# TRAINING BIGRAM MODEL - Part 1

## Code for the tokenizer

Language models work most best when text inputs are broken down into basic units, called tokens. 

For this simple bigram, the tokens can be the individual letters of words.

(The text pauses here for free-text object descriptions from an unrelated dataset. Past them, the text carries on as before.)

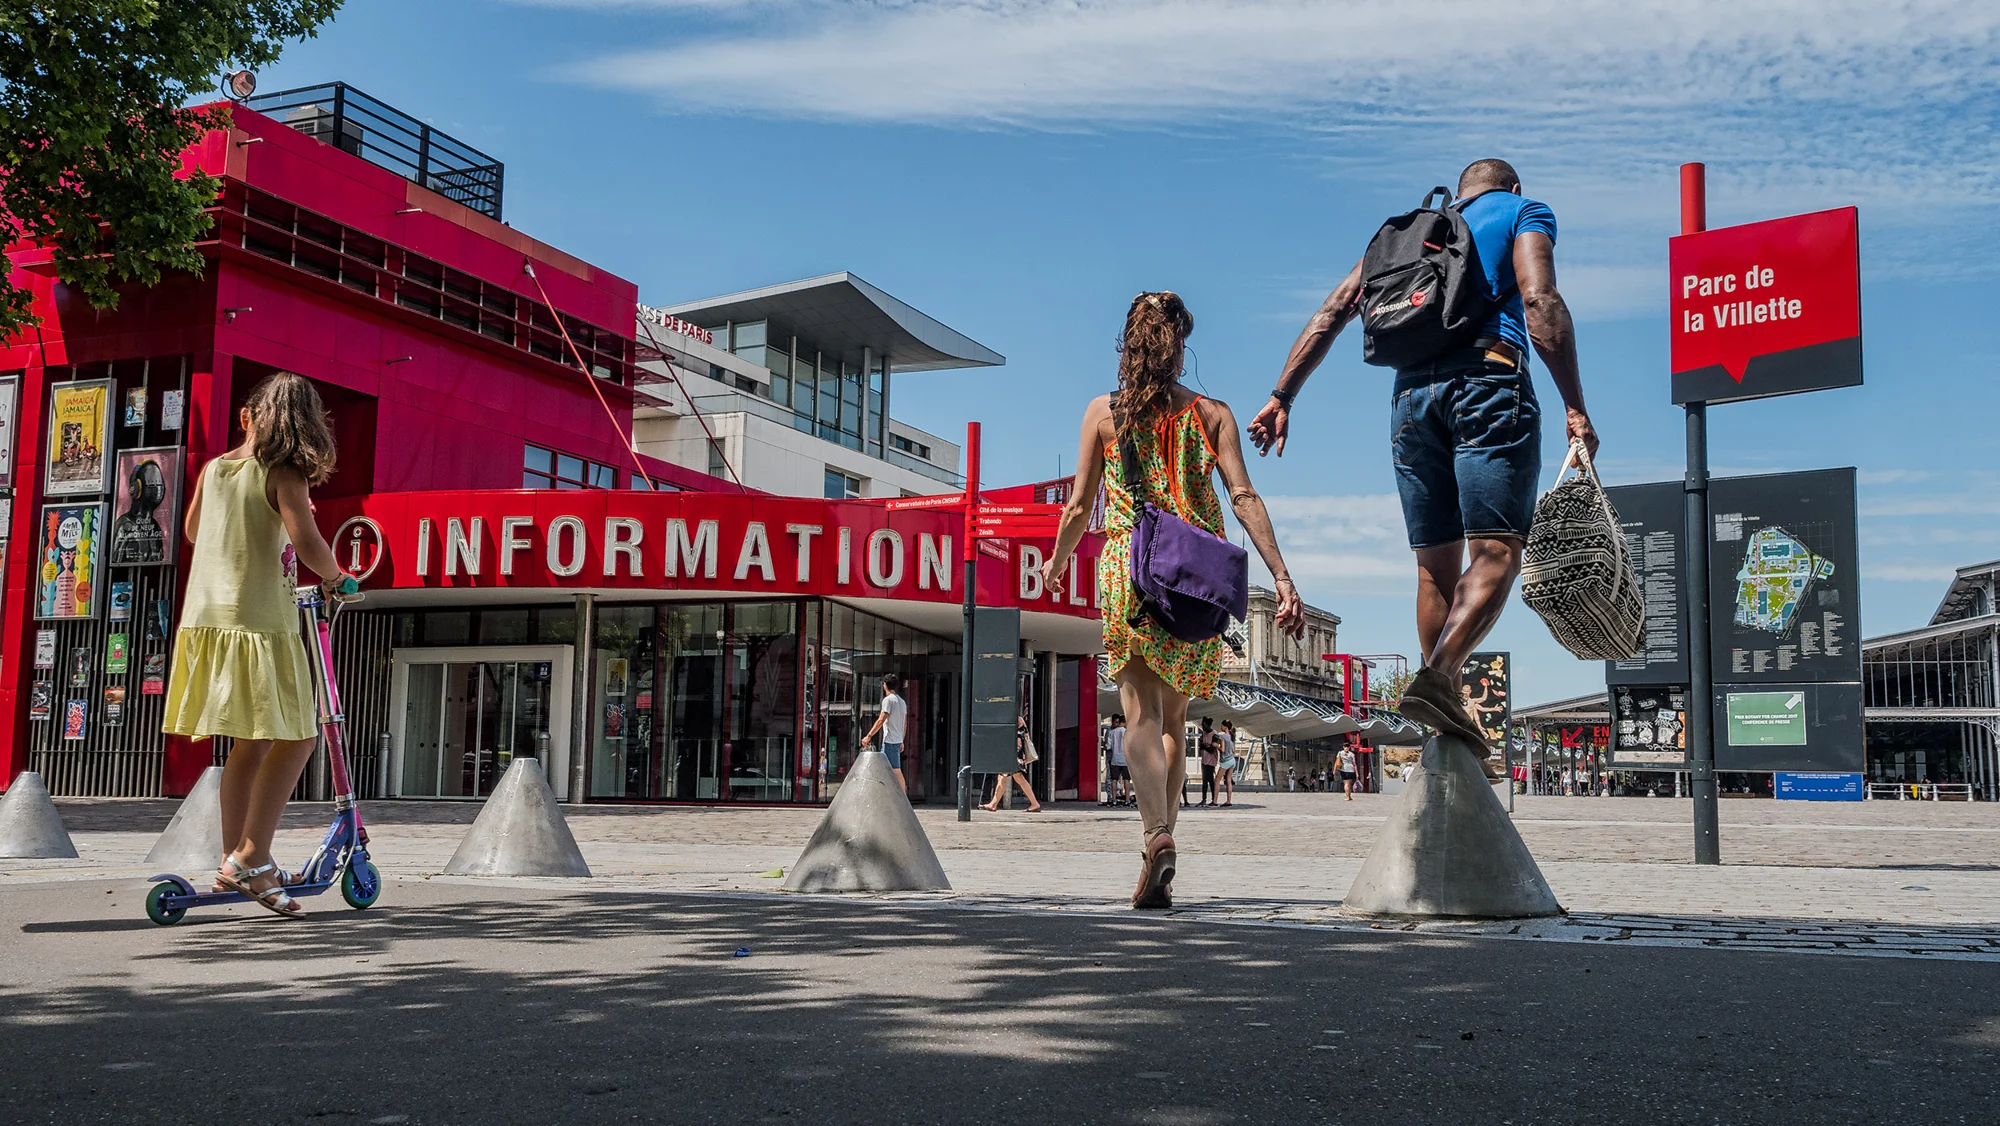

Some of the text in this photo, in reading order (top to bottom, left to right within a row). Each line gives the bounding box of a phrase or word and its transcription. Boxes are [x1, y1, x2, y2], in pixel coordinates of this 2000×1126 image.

[1683, 265, 1774, 299] Parc de
[664, 313, 680, 332] DE
[681, 319, 713, 345] PARIS
[1684, 297, 1802, 333] la Villette
[62, 405, 91, 415] JAMAICA
[65, 397, 95, 407] JAMAICA
[416, 515, 952, 591] INFORMATION
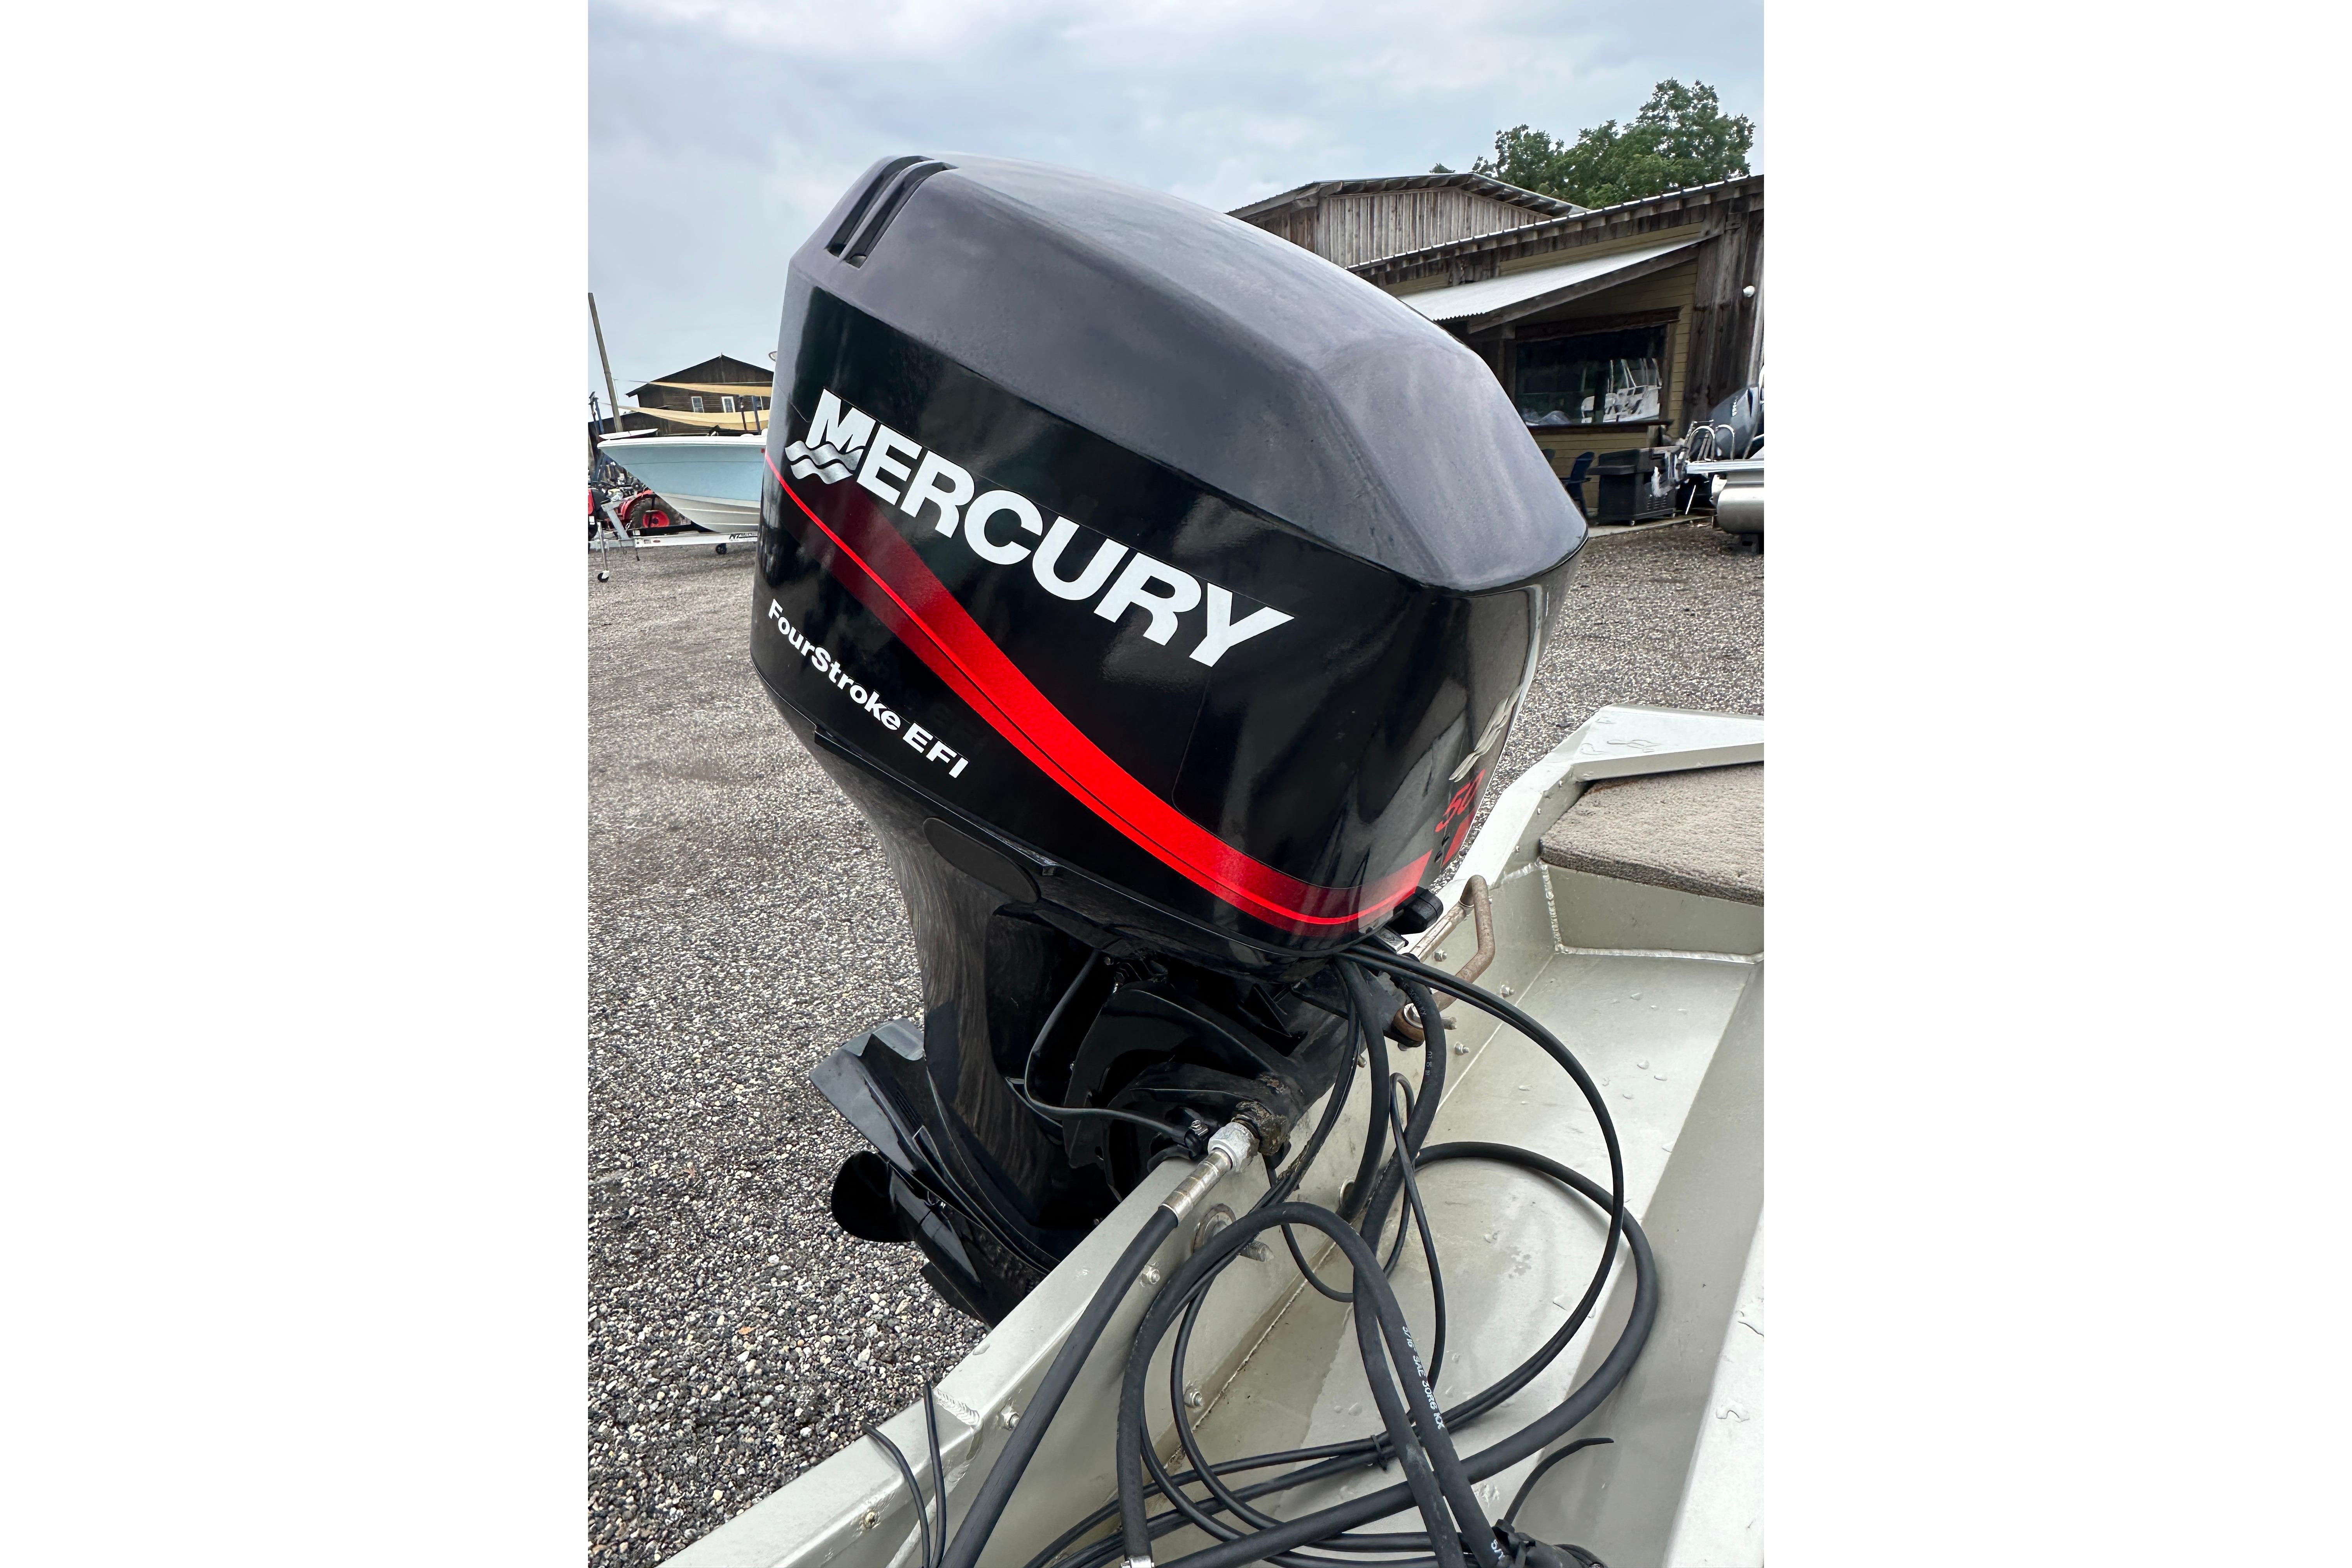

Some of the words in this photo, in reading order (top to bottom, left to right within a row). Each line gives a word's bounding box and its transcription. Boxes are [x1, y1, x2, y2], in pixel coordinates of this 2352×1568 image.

[803, 388, 1295, 668] MERCURY
[768, 598, 901, 731] FourStroke
[902, 722, 970, 778] EFI
[1412, 1355, 1426, 1377] SAE
[1433, 1412, 1445, 1430] KX

The tokenizer function below will first take each character and convert it into an integer as a numerical representation, which forms the token to train the bigram.

In [3]:
def tokenizer():

    # Store the content of"Wizard of Oz" into the variable, book.
    with open("./wizardOfOz/pg22566_edited.txt", "r", encoding="utf-8") as f:
        book = f.read()
        f.close()

    # Collect the unique characters that appear in the book.
    chars = sorted(set(book))

    # Assign a integer value to each character.
    tokens = []
    meaning = -1
    for i in chars:
        meaning += 1
        tokens.append(meaning)
    
    # Link character with integer meaning.
    mapping = dict(zip(chars, tokens))

    # take input from user
    text = input("What is the phrase to convert? ")
    tokenized = []
    for i in text:
        tokenized.append(mapping[i])
    
    return tokenized

In [4]:
tokenizer()

What is the phrase to convert?  TOKENS


[44, 39, 35, 29, 38, 43]

## Code breakdown

Open the book, "Dorothy and the Wizard of Oz" and store the contents inside a string variable, named book.

In [6]:
with open("./wizardOfOz/pg22566_edited.txt", "r", encoding="utf-8") as f:
    # Store the book in a string variable, book.
    book = f.read()
    f.close()

Convert book from a string into a set element, in order to remove duplicate values such that each unique letter in the book is collected.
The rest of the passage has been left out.